Top of Data to examine

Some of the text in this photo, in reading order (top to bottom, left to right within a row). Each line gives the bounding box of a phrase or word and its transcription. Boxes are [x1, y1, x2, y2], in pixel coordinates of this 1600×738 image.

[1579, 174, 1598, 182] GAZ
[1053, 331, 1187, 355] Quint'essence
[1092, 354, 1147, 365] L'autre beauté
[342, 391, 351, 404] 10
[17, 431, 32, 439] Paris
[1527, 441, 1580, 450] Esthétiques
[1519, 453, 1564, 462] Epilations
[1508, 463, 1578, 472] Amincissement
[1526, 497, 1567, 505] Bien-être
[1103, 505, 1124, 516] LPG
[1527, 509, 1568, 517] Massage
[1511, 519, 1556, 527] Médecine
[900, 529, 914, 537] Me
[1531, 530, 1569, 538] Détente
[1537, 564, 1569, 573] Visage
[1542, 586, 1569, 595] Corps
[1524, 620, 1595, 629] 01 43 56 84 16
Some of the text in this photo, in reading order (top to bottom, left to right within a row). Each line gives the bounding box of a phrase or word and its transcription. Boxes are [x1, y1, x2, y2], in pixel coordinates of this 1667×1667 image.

Bottom of Data to examine
Top of Data to examine

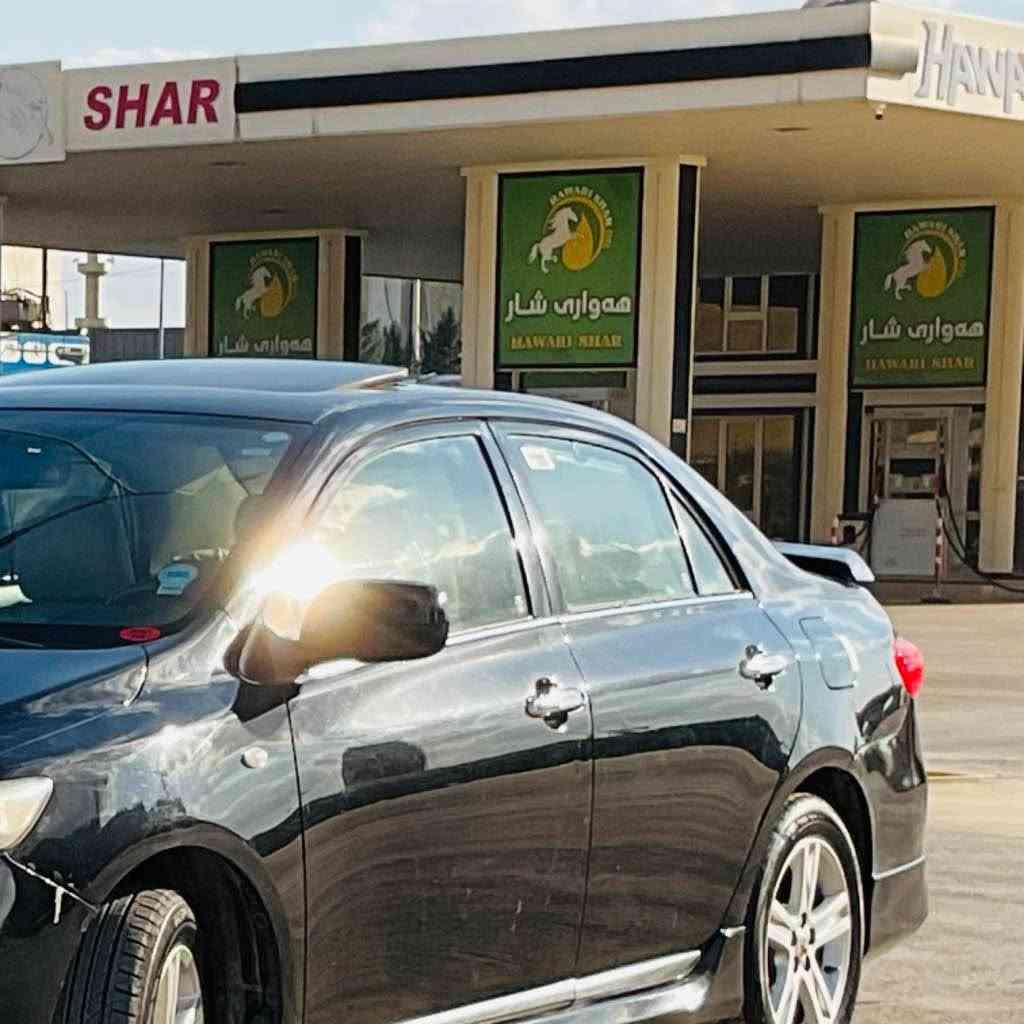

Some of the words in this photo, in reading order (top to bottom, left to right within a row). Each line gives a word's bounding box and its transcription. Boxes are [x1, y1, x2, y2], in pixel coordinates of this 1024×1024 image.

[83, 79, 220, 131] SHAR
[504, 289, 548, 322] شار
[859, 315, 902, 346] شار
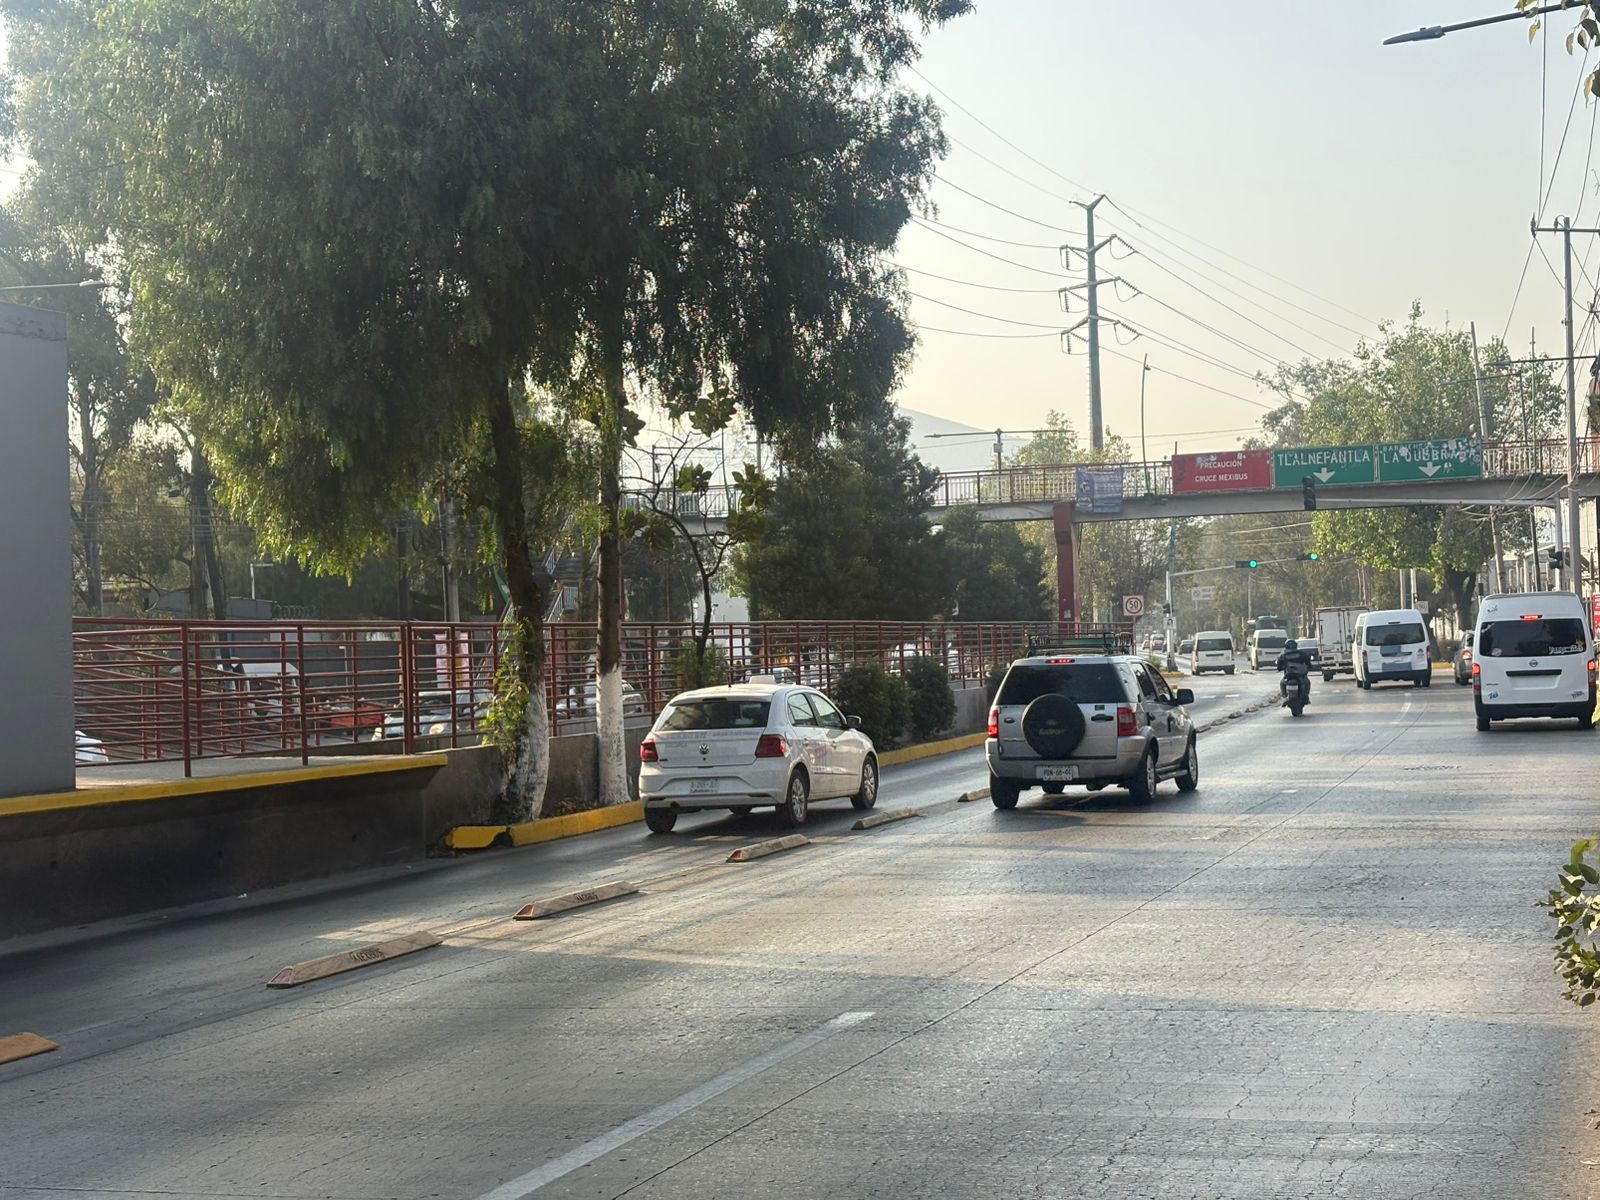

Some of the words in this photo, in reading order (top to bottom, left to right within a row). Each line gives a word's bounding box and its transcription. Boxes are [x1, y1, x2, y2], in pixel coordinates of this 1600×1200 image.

Bottom of Data to examine
Top of Data to examine

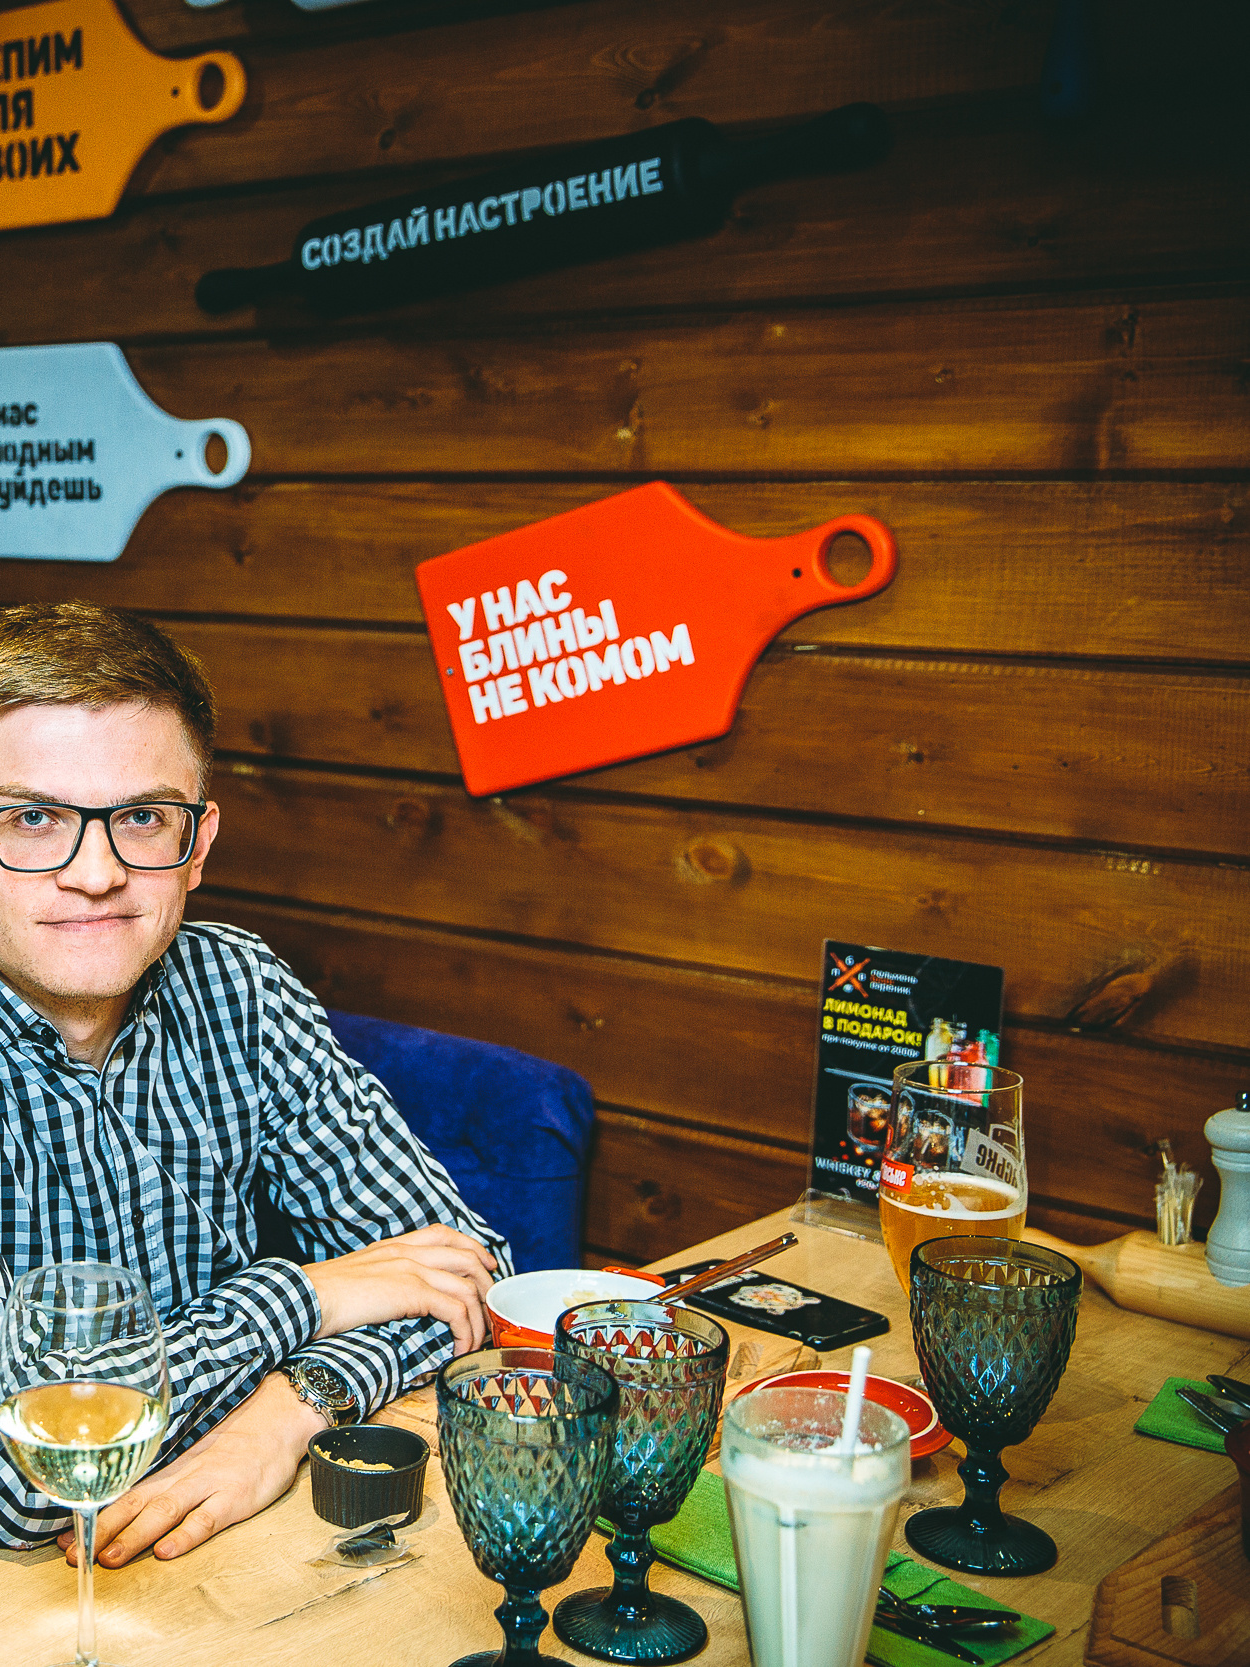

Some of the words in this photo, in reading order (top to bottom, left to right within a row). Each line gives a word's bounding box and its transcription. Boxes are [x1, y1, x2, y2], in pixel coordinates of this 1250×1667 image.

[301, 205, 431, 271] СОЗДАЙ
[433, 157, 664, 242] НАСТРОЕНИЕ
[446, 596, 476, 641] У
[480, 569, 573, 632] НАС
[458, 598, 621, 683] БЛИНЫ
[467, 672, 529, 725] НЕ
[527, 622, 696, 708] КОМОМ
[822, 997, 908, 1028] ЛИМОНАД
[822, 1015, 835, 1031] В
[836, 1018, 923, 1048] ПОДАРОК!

Bottom of Data to examine

» **What to do**: Precisely those lines above that run from the line with "this 1024×1024 image." up to and including the line with "this 1600×1200 image." are to be set down, with the pictures omitted.

» **Output for this exercise**:
Some of the words in this photo, in reading order (top to bottom, left to right within a row). Each line gives a word's bounding box and its transcription. Boxes are [x1, y1, x2, y2], in pixel coordinates of this 1024×1024 image.

[83, 79, 220, 131] SHAR
[504, 289, 548, 322] شار
[859, 315, 902, 346] شار

Some of the words in this photo, in reading order (top to bottom, left to right within a row). Each line gives a word's bounding box and its transcription. Boxes are [x1, y1, x2, y2], in pixel coordinates of this 1600×1200 image.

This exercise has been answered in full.